Research Roundup, May 28

By .(JavaScript must be enabled to view this email address) on May 28, 2014

Research: School trips improve weaker pupils' writing TES News

School trips to the zoo, local caves and castles have helped children struggling with writing to dramatically improve their written work, a report suggests. Pupils who went on memorable day trips followed by sessions writing about their experiences made nine months more progress than would be expected over a year, according to results published by the Education Endowment Foundation


Gangs in schools lead to more sexual harassment, according to study Phys.org

A study co-authored by a University of Kansas professor shows that gang presence in schools is not only disruptive to a safe learning environment, it could also lead to more frequent and more aggressive incidents of sexual harassment.


Think not do: how reflection improves test scores Desert News National Edition

Harvard Business School released research this week that found a lesson deliberately coupled with time to reflect on what was just learned is more effective than rote practice. Researchers explain that “reflection” in this sense means, “taking time after a lesson to synthesize, abstract, or articulate the important points.”

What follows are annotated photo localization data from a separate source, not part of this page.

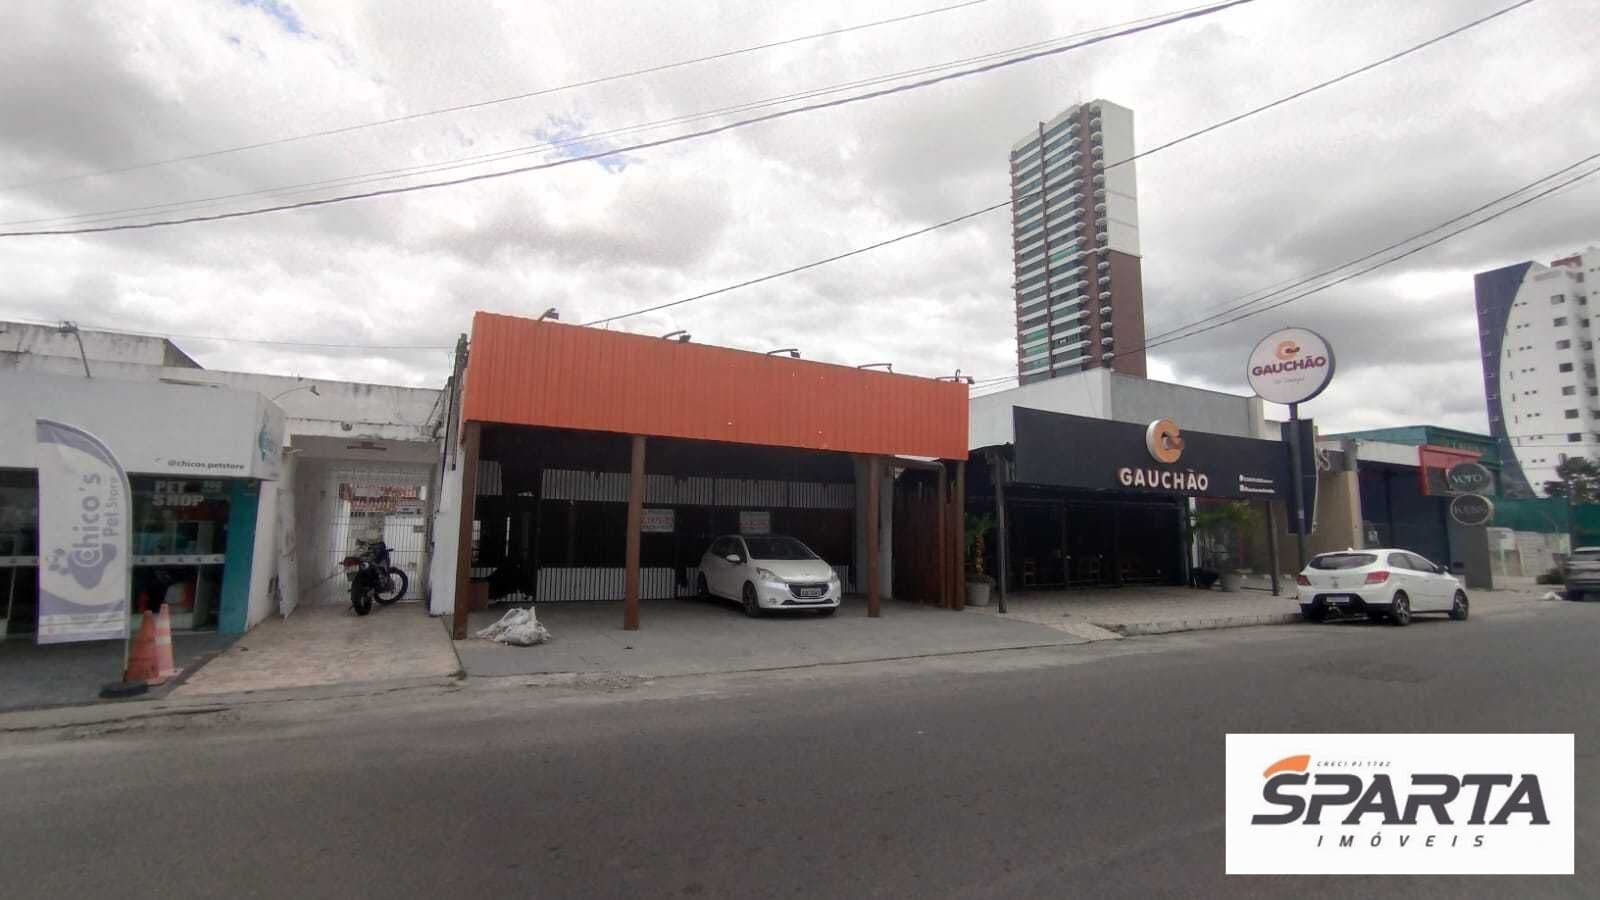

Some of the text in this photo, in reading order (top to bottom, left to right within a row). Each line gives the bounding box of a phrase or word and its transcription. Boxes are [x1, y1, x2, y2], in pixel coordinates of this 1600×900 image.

[1252, 356, 1326, 376] GAUCHÃO
[154, 480, 187, 494] PET
[1119, 467, 1208, 491] GAUCHÃO
[151, 494, 205, 507] SHOP
[103, 512, 121, 536] Pet

All Hands on Deck: How Expanded Learning Time and Community Partners Can Benefit Students Center For American Progress

Significantly lengthening the school day is a promising strategy to close achievement and opportunity gaps…community partners can enhance the offerings in schools that lengthen the day. When the two form authentic partnerships based on a school’s goals, student needs, and constant evaluation of student data, expanded learning time schools and community partners can develop a promising all-hands-on-deck approach to student learning.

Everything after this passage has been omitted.